### WHAT THIS TASK INVOLVES
Before doing anything else, copy the entries below exactly.

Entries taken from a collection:
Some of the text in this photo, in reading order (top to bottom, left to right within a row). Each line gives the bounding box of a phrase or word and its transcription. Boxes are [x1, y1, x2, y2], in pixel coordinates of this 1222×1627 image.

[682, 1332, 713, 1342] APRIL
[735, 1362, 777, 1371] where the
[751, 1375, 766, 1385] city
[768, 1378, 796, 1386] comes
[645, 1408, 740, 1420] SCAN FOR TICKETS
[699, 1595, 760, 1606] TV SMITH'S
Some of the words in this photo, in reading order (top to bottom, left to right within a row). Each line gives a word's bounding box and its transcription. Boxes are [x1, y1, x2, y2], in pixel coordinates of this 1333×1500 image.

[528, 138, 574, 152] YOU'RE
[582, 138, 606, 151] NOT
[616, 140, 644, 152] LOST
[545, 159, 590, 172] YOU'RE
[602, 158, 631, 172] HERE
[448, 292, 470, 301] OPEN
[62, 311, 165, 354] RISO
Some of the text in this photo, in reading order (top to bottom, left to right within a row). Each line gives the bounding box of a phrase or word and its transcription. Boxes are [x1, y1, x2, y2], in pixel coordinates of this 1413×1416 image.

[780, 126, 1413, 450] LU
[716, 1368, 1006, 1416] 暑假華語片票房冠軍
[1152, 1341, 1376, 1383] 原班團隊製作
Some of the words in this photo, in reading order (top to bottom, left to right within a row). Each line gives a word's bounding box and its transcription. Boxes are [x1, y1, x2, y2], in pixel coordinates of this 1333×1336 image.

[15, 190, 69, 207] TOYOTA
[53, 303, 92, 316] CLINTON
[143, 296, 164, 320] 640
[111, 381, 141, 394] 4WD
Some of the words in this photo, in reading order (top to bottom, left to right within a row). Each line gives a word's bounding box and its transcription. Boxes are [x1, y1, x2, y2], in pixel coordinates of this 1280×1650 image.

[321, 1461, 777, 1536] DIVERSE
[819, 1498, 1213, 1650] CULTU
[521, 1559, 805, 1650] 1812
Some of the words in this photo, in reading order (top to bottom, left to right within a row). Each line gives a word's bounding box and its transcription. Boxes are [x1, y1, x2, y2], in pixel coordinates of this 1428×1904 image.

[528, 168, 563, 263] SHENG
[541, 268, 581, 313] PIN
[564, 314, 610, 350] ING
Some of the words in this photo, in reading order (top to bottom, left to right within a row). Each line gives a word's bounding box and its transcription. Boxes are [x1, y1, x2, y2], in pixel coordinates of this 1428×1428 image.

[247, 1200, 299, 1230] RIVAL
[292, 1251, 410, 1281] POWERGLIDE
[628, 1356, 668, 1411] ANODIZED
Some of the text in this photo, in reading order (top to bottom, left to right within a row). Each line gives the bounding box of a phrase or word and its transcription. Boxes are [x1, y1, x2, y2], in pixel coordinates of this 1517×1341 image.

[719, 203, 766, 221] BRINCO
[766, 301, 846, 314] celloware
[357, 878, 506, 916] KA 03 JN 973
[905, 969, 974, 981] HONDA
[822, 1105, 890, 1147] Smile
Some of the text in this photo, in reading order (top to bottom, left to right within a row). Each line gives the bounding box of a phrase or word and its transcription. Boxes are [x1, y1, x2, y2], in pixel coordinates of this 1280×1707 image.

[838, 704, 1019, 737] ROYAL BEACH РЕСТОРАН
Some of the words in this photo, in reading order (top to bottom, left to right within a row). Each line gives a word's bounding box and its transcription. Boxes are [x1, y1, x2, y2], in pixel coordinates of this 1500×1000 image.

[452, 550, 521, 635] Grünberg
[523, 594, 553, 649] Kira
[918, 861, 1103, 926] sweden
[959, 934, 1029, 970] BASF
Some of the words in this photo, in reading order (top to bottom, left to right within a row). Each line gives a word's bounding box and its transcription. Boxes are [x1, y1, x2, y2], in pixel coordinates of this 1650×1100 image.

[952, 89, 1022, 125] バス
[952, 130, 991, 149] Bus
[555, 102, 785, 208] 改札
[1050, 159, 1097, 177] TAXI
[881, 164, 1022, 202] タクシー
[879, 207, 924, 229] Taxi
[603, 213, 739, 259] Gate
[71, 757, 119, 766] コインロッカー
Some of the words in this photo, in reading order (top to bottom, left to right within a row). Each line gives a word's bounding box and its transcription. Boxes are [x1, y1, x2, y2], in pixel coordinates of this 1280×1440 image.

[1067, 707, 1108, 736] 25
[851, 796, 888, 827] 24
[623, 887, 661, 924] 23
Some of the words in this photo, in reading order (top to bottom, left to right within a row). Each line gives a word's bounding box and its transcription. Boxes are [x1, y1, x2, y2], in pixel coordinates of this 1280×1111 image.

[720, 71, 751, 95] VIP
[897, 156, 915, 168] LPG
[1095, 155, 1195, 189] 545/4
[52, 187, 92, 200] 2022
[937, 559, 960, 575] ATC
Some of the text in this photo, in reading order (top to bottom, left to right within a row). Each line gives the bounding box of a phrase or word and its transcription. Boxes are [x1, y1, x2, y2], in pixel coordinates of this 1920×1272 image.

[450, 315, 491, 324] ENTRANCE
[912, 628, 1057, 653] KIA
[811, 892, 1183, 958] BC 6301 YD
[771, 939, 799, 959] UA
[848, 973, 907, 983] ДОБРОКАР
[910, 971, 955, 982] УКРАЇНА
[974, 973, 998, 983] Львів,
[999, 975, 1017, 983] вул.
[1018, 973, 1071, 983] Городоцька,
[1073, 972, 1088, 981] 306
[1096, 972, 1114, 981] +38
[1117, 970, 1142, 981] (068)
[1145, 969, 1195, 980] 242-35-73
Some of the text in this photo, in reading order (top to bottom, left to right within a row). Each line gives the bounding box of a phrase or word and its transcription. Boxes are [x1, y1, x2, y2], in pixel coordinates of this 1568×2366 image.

### SOLUTION TO THE EXERCISE
Some of the text in this photo, in reading order (top to bottom, left to right within a row). Each line gives the bounding box of a phrase or word and its transcription. Boxes are [x1, y1, x2, y2], in pixel coordinates of this 1222×1627 image.

[682, 1332, 713, 1342] APRIL
[735, 1362, 777, 1371] where the
[751, 1375, 766, 1385] city
[768, 1378, 796, 1386] comes
[645, 1408, 740, 1420] SCAN FOR TICKETS
[699, 1595, 760, 1606] TV SMITH'S
Some of the words in this photo, in reading order (top to bottom, left to right within a row). Each line gives a word's bounding box and its transcription. Boxes are [x1, y1, x2, y2], in pixel coordinates of this 1333×1500 image.

[528, 138, 574, 152] YOU'RE
[582, 138, 606, 151] NOT
[616, 140, 644, 152] LOST
[545, 159, 590, 172] YOU'RE
[602, 158, 631, 172] HERE
[448, 292, 470, 301] OPEN
[62, 311, 165, 354] RISO
Some of the text in this photo, in reading order (top to bottom, left to right within a row). Each line gives the bounding box of a phrase or word and its transcription. Boxes are [x1, y1, x2, y2], in pixel coordinates of this 1413×1416 image.

[780, 126, 1413, 450] LU
[716, 1368, 1006, 1416] 暑假華語片票房冠軍
[1152, 1341, 1376, 1383] 原班團隊製作
Some of the words in this photo, in reading order (top to bottom, left to right within a row). Each line gives a word's bounding box and its transcription. Boxes are [x1, y1, x2, y2], in pixel coordinates of this 1333×1336 image.

[15, 190, 69, 207] TOYOTA
[53, 303, 92, 316] CLINTON
[143, 296, 164, 320] 640
[111, 381, 141, 394] 4WD
Some of the words in this photo, in reading order (top to bottom, left to right within a row). Each line gives a word's bounding box and its transcription. Boxes are [x1, y1, x2, y2], in pixel coordinates of this 1280×1650 image.

[321, 1461, 777, 1536] DIVERSE
[819, 1498, 1213, 1650] CULTU
[521, 1559, 805, 1650] 1812
Some of the words in this photo, in reading order (top to bottom, left to right within a row). Each line gives a word's bounding box and its transcription. Boxes are [x1, y1, x2, y2], in pixel coordinates of this 1428×1904 image.

[528, 168, 563, 263] SHENG
[541, 268, 581, 313] PIN
[564, 314, 610, 350] ING
Some of the words in this photo, in reading order (top to bottom, left to right within a row). Each line gives a word's bounding box and its transcription. Boxes are [x1, y1, x2, y2], in pixel coordinates of this 1428×1428 image.

[247, 1200, 299, 1230] RIVAL
[292, 1251, 410, 1281] POWERGLIDE
[628, 1356, 668, 1411] ANODIZED
Some of the text in this photo, in reading order (top to bottom, left to right within a row). Each line gives the bounding box of a phrase or word and its transcription. Boxes are [x1, y1, x2, y2], in pixel coordinates of this 1517×1341 image.

[719, 203, 766, 221] BRINCO
[766, 301, 846, 314] celloware
[357, 878, 506, 916] KA 03 JN 973
[905, 969, 974, 981] HONDA
[822, 1105, 890, 1147] Smile
Some of the text in this photo, in reading order (top to bottom, left to right within a row). Each line gives the bounding box of a phrase or word and its transcription. Boxes are [x1, y1, x2, y2], in pixel coordinates of this 1280×1707 image.

[838, 704, 1019, 737] ROYAL BEACH РЕСТОРАН
Some of the words in this photo, in reading order (top to bottom, left to right within a row). Each line gives a word's bounding box and its transcription. Boxes are [x1, y1, x2, y2], in pixel coordinates of this 1500×1000 image.

[452, 550, 521, 635] Grünberg
[523, 594, 553, 649] Kira
[918, 861, 1103, 926] sweden
[959, 934, 1029, 970] BASF
Some of the words in this photo, in reading order (top to bottom, left to right within a row). Each line gives a word's bounding box and its transcription. Boxes are [x1, y1, x2, y2], in pixel coordinates of this 1650×1100 image.

[952, 89, 1022, 125] バス
[952, 130, 991, 149] Bus
[555, 102, 785, 208] 改札
[1050, 159, 1097, 177] TAXI
[881, 164, 1022, 202] タクシー
[879, 207, 924, 229] Taxi
[603, 213, 739, 259] Gate
[71, 757, 119, 766] コインロッカー
Some of the words in this photo, in reading order (top to bottom, left to right within a row). Each line gives a word's bounding box and its transcription. Boxes are [x1, y1, x2, y2], in pixel coordinates of this 1280×1440 image.

[1067, 707, 1108, 736] 25
[851, 796, 888, 827] 24
[623, 887, 661, 924] 23
Some of the words in this photo, in reading order (top to bottom, left to right within a row). Each line gives a word's bounding box and its transcription. Boxes are [x1, y1, x2, y2], in pixel coordinates of this 1280×1111 image.

[720, 71, 751, 95] VIP
[897, 156, 915, 168] LPG
[1095, 155, 1195, 189] 545/4
[52, 187, 92, 200] 2022
[937, 559, 960, 575] ATC
Some of the text in this photo, in reading order (top to bottom, left to right within a row). Each line gives the bounding box of a phrase or word and its transcription. Boxes are [x1, y1, x2, y2], in pixel coordinates of this 1920×1272 image.

[450, 315, 491, 324] ENTRANCE
[912, 628, 1057, 653] KIA
[811, 892, 1183, 958] BC 6301 YD
[771, 939, 799, 959] UA
[848, 973, 907, 983] ДОБРОКАР
[910, 971, 955, 982] УКРАЇНА
[974, 973, 998, 983] Львів,
[999, 975, 1017, 983] вул.
[1018, 973, 1071, 983] Городоцька,
[1073, 972, 1088, 981] 306
[1096, 972, 1114, 981] +38
[1117, 970, 1142, 981] (068)
[1145, 969, 1195, 980] 242-35-73
Some of the text in this photo, in reading order (top to bottom, left to right within a row). Each line gives the bounding box of a phrase or word and its transcription. Boxes are [x1, y1, x2, y2], in pixel coordinates of this 1568×2366 image.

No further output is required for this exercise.